Weiterstricken am Mythos Kaspar Hauser  ■ Von Katharina Rutschky

Die Frage, wer Kaspar Hauser war, woher er kam und wie er endete, wird wohl nie beantwortet werden können, trotz der Bibliothek, die man leicht mit den Veröffentlichungen über ihn und sein anregendes Schicksal füllen könnte. Fest steht nur eins, daß am 28. Mai 1828 ein junger Mensch plötzlich in Nürnberg stand. Zwei Schriftstücke hatte er bei sich, die aber im Roman, der sich schnell um ihn herum entwickelte, bald keine Rolle mehr spielten. Auf dem einen Papier überantwortete eine namenlose, uneheliche Mutter den Säugling dem christlichen Mitleid von Fremden. Sie könne sich um das Kind nicht kümmern; es sei getauft, heiße Kaspar und sein Vater, Soldat bei den Chevaux légers, sei tot. Man solle ihn, wenn er siebzehn ist, dorthin nach Nürnberg schicken.

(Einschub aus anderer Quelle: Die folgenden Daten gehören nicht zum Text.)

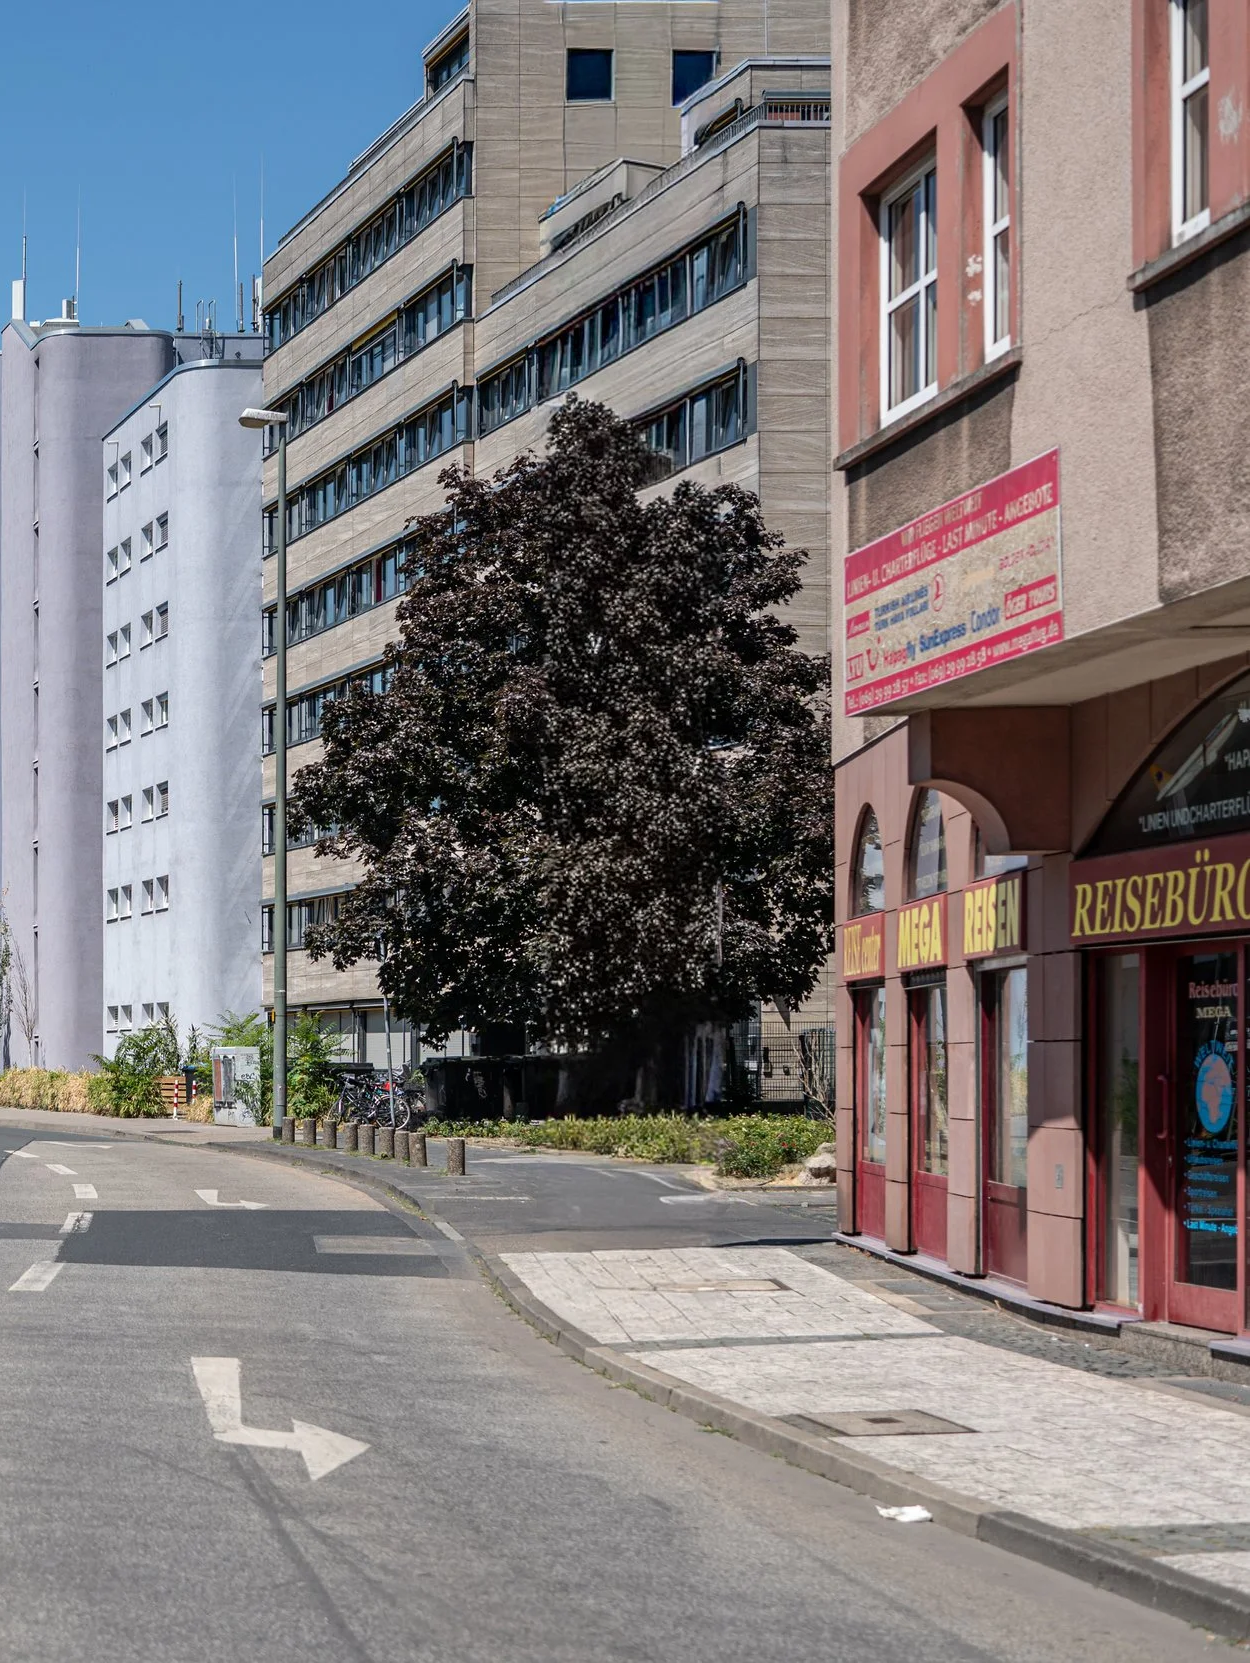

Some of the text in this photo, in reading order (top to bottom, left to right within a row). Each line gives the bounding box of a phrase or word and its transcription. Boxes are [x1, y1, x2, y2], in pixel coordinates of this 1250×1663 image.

[942, 527, 963, 553] LAST
[1004, 482, 1053, 524] ANGEBOTE
[920, 622, 966, 652] SunExpress
[971, 607, 1000, 632] Condor
[897, 901, 942, 969] MEGA
[963, 878, 1020, 954] REISEN
[1195, 1006, 1231, 1018] MEGA
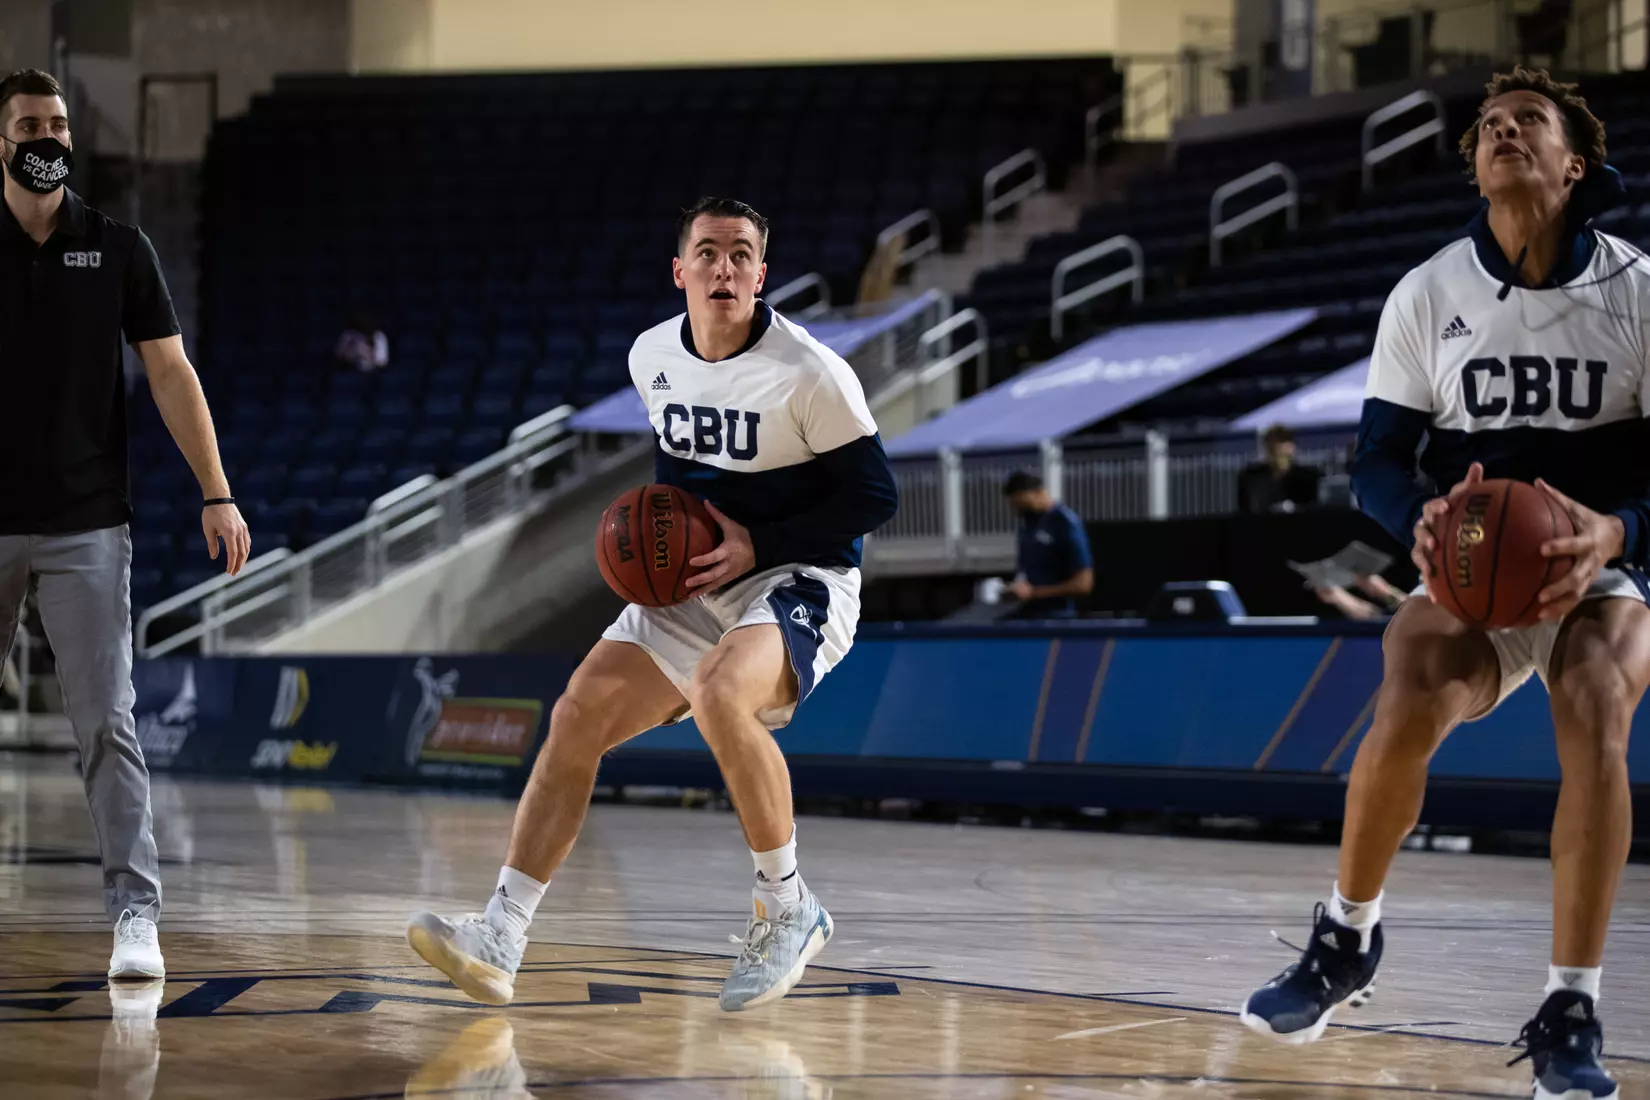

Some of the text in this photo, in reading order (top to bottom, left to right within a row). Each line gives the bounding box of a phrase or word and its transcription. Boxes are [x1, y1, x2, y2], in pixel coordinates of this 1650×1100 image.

[25, 152, 64, 171] COACHES
[22, 163, 69, 181] VS CANCER
[64, 252, 102, 267] CBU
[1441, 328, 1473, 340] adidas
[651, 383, 671, 391] adidas
[1461, 355, 1608, 420] CBU
[663, 402, 761, 461] CBU
[651, 491, 675, 571] Wilson

Der unbekannte Pflegevater, der Kaspar, von wo auch immer, dort hinbrachte, teilte auf dem anderen Schriftstück mit, daß er das Kind aufgezogen, aber nie außer Haus gelassen habe. Er habe ihn Lesen und Schreiben gelehrt. Kaspar sei anstellig und gescheit; hätte er Eltern, wie er keine gehabt hat, so wäre er sicher ein gelehrter Bursche geworden. Nun soll er Reiter werden wie sein Vater. Er selbst sei arm, habe zehn Kinder und möchte aus Angst vor gerichtlicher Verfolgung unbekannt bleiben. Der Historiker wird die Geschichte gar nicht so unplausibel finden, insbesondere dann, wenn er das Tempo bedenkt, mit dem der angeblich in einem dunklen Verschlag über viele Jahre gefangengehaltene Kaspar, ohne menschlichen Kontakt, bei einer Diät von Wasser und Brot, Sprechen, Lesen, Schreiben und Dichten und auch sonst sich alles angeeignet hat, was man so zum Leben braucht. Kinder, die unter den genannten Umständen jahrelang vegetieren mußten, sehen bestimmt nicht so blühend, wenn auch blaß aus, wie von Hauser bezeugt.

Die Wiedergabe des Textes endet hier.